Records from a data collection
--- START ---
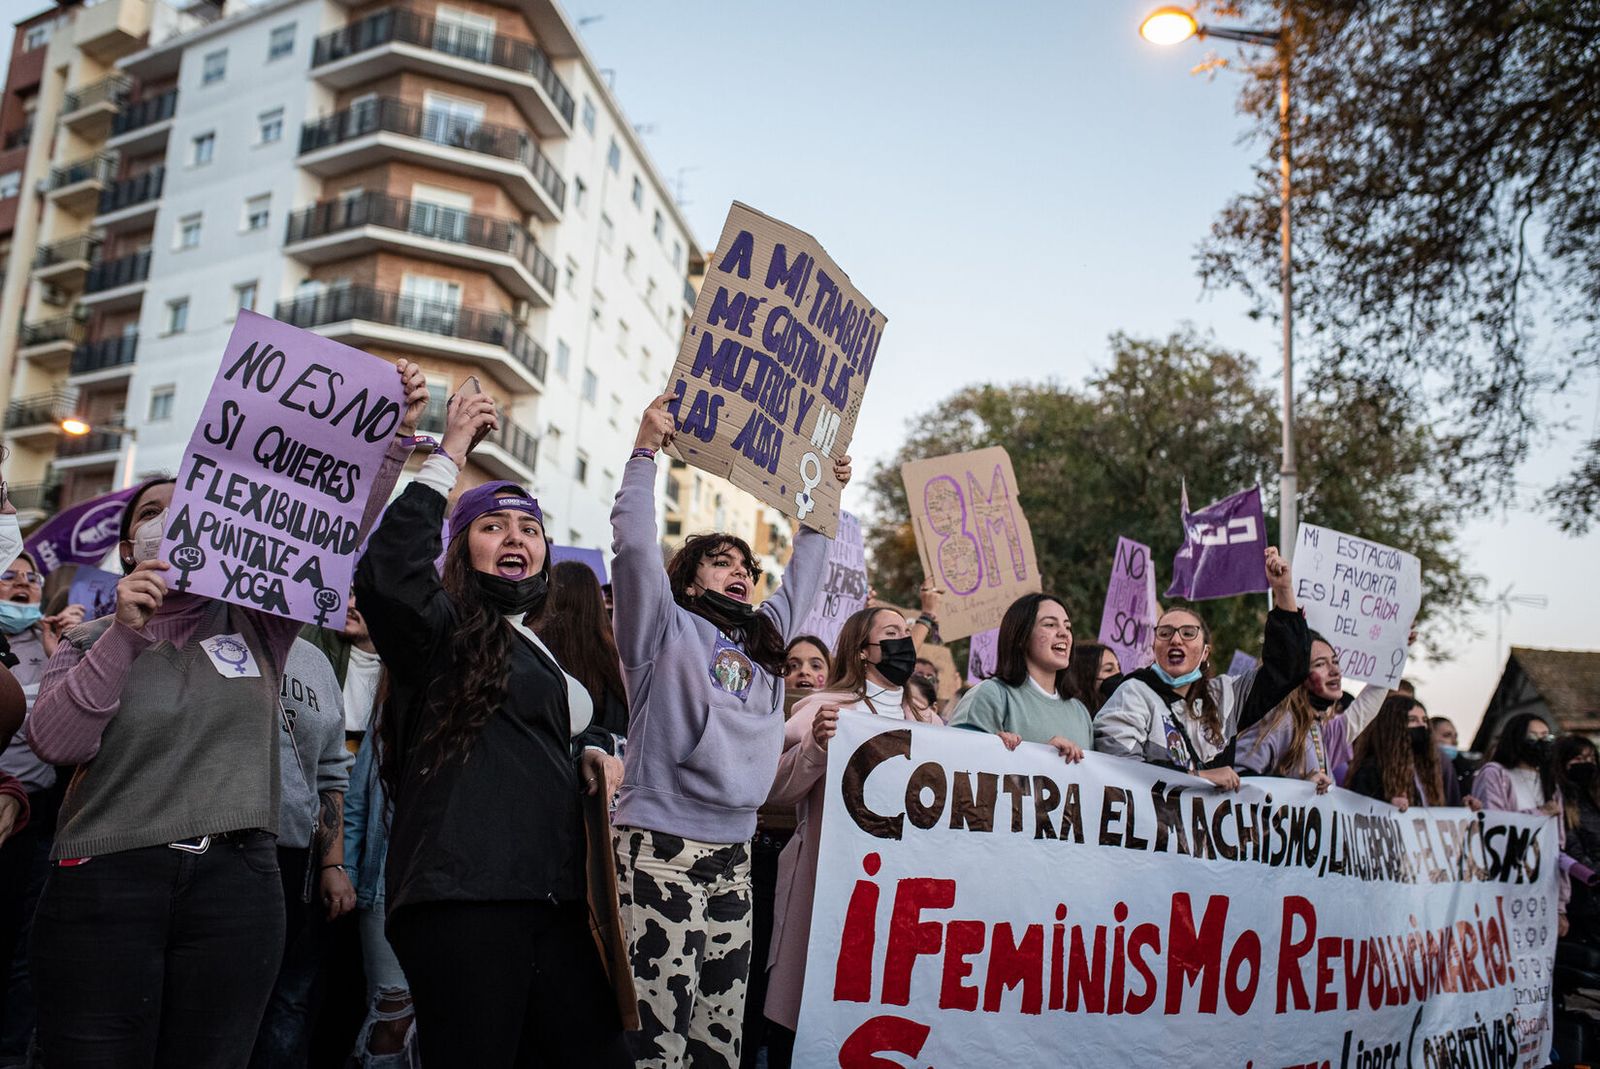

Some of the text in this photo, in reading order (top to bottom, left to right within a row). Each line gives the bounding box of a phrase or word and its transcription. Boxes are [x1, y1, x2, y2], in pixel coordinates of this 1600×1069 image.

[718, 230, 754, 280] A
[765, 243, 815, 308] MI
[707, 287, 767, 337] ME
[224, 341, 400, 443] NO ES NO
[667, 379, 725, 443] LAS
[690, 331, 841, 458] MUJERES Y NO
[204, 400, 361, 503] SI QUIERES
[185, 453, 360, 556] FLEXIBILIDAD
[924, 464, 1027, 595] 8M
[167, 504, 300, 576] APÚNTATE
[291, 556, 324, 589] A
[1116, 542, 1145, 579] NO
[1337, 536, 1402, 571] ESTACIÓN
[221, 561, 290, 615] YOGA
[1297, 579, 1325, 600] ES
[1330, 585, 1350, 610] LA
[1333, 563, 1396, 595] FAVORITA
[1334, 616, 1358, 637] DEL
[280, 673, 320, 712] IOR
[842, 729, 1084, 844] CONTRA
[1098, 786, 1149, 851] EL
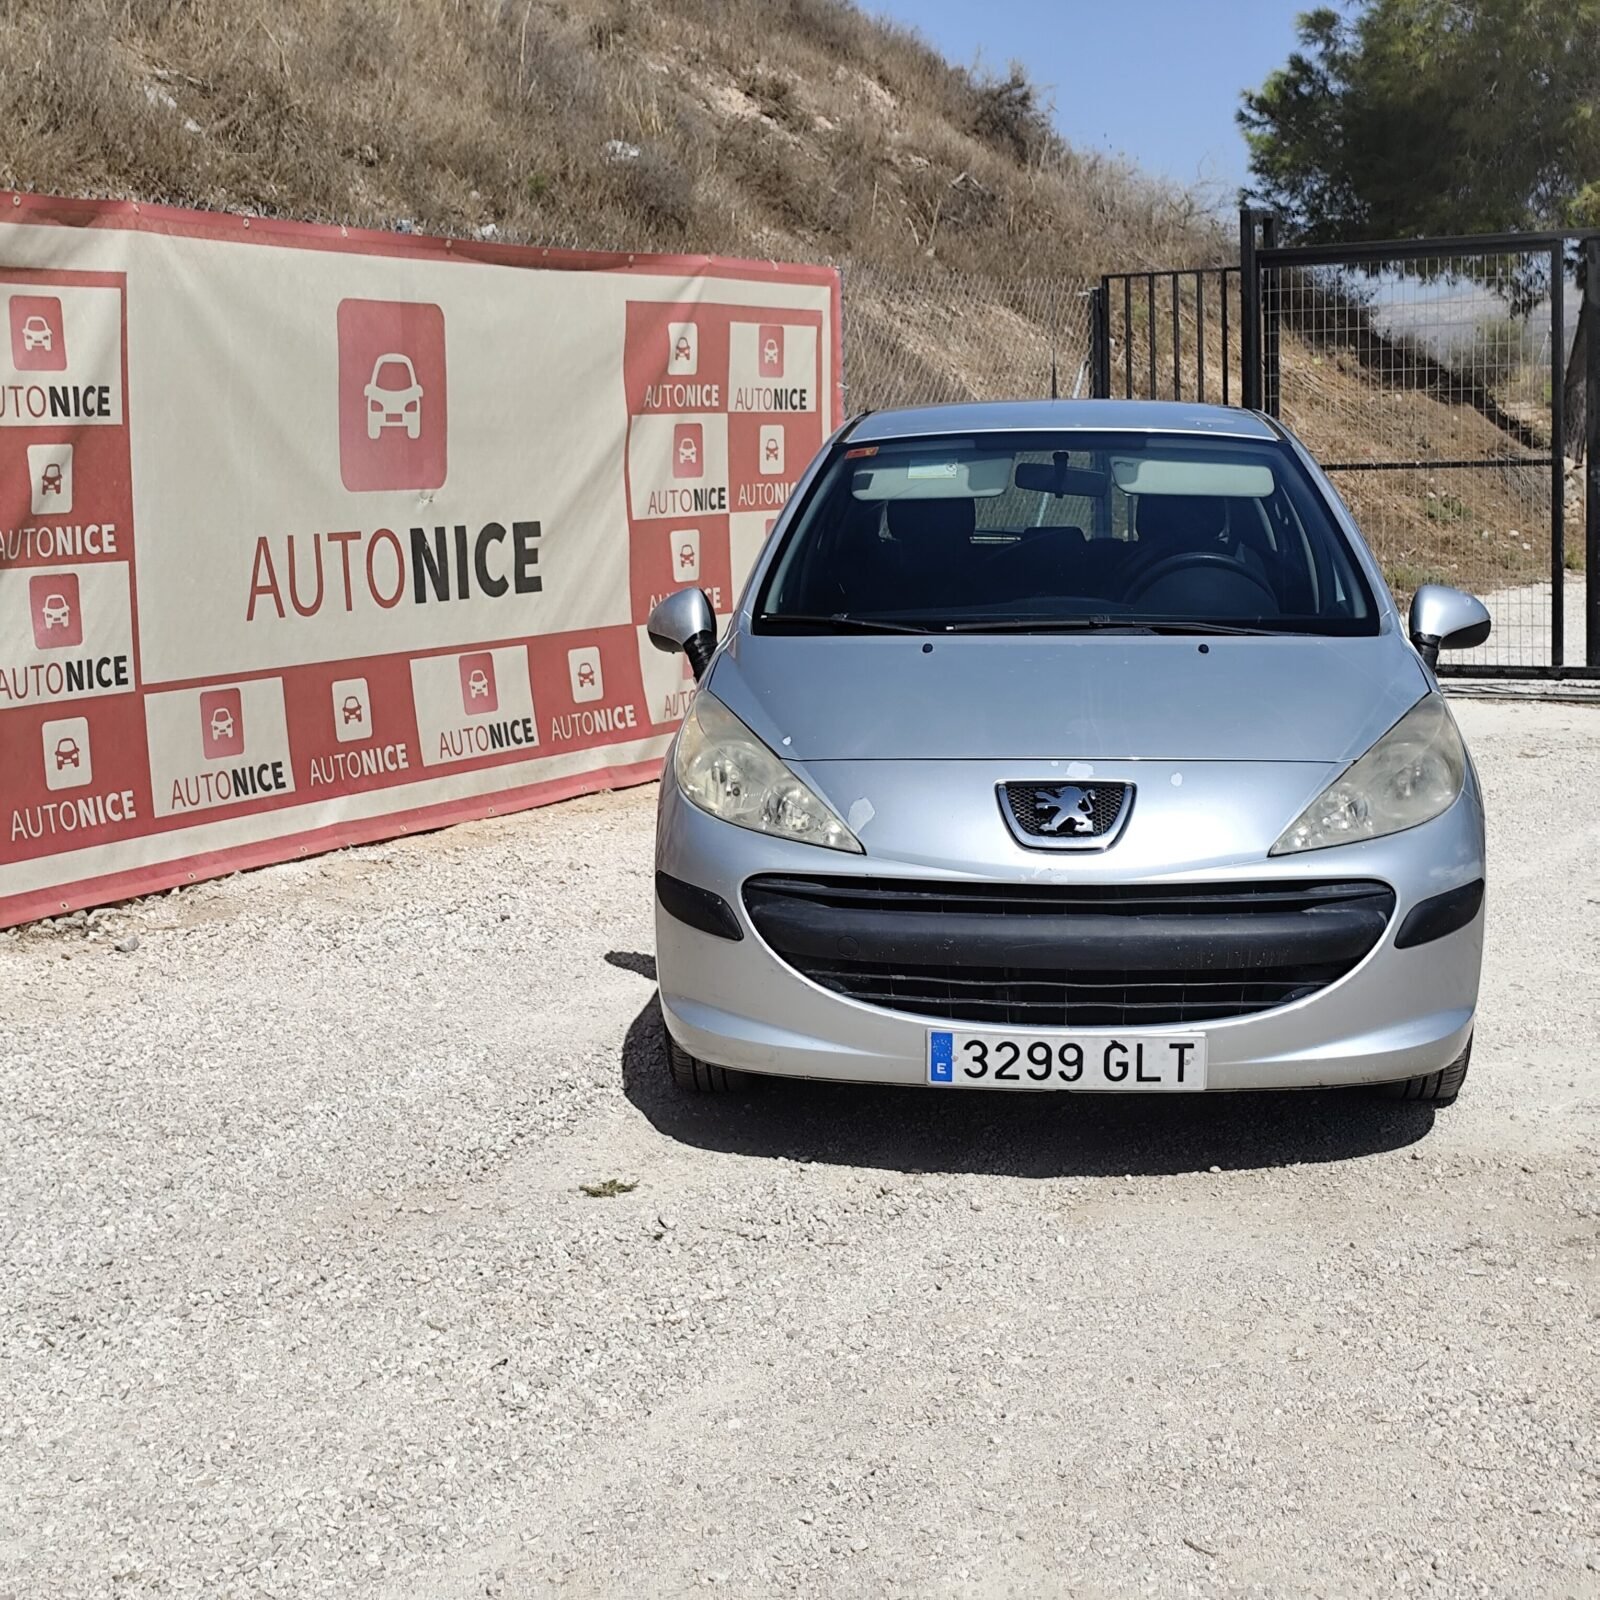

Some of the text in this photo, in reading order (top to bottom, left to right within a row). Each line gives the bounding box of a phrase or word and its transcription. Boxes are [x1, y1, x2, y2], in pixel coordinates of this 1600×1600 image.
--- END ---
* **PROBLEM**: The pictures stay out; copy the rest of the data word for word.

* **TASK RESPONSE**:
Some of the text in this photo, in reading order (top to bottom, left to right within a row). Each line gives the bounding box of a phrase or word and its transcription. Boxes are [x1, y1, x2, y2], in pixel coordinates of this 1600×1069 image.

[718, 230, 754, 280] A
[765, 243, 815, 308] MI
[707, 287, 767, 337] ME
[224, 341, 400, 443] NO ES NO
[667, 379, 725, 443] LAS
[690, 331, 841, 458] MUJERES Y NO
[204, 400, 361, 503] SI QUIERES
[185, 453, 360, 556] FLEXIBILIDAD
[924, 464, 1027, 595] 8M
[167, 504, 300, 576] APÚNTATE
[291, 556, 324, 589] A
[1116, 542, 1145, 579] NO
[1337, 536, 1402, 571] ESTACIÓN
[221, 561, 290, 615] YOGA
[1297, 579, 1325, 600] ES
[1330, 585, 1350, 610] LA
[1333, 563, 1396, 595] FAVORITA
[1334, 616, 1358, 637] DEL
[280, 673, 320, 712] IOR
[842, 729, 1084, 844] CONTRA
[1098, 786, 1149, 851] EL

Some of the text in this photo, in reading order (top to bottom, left to right within a row). Each line gives the bounding box of a phrase or word and its transcription. Boxes are [x1, y1, x2, y2], in pixel coordinates of this 1600×1600 image.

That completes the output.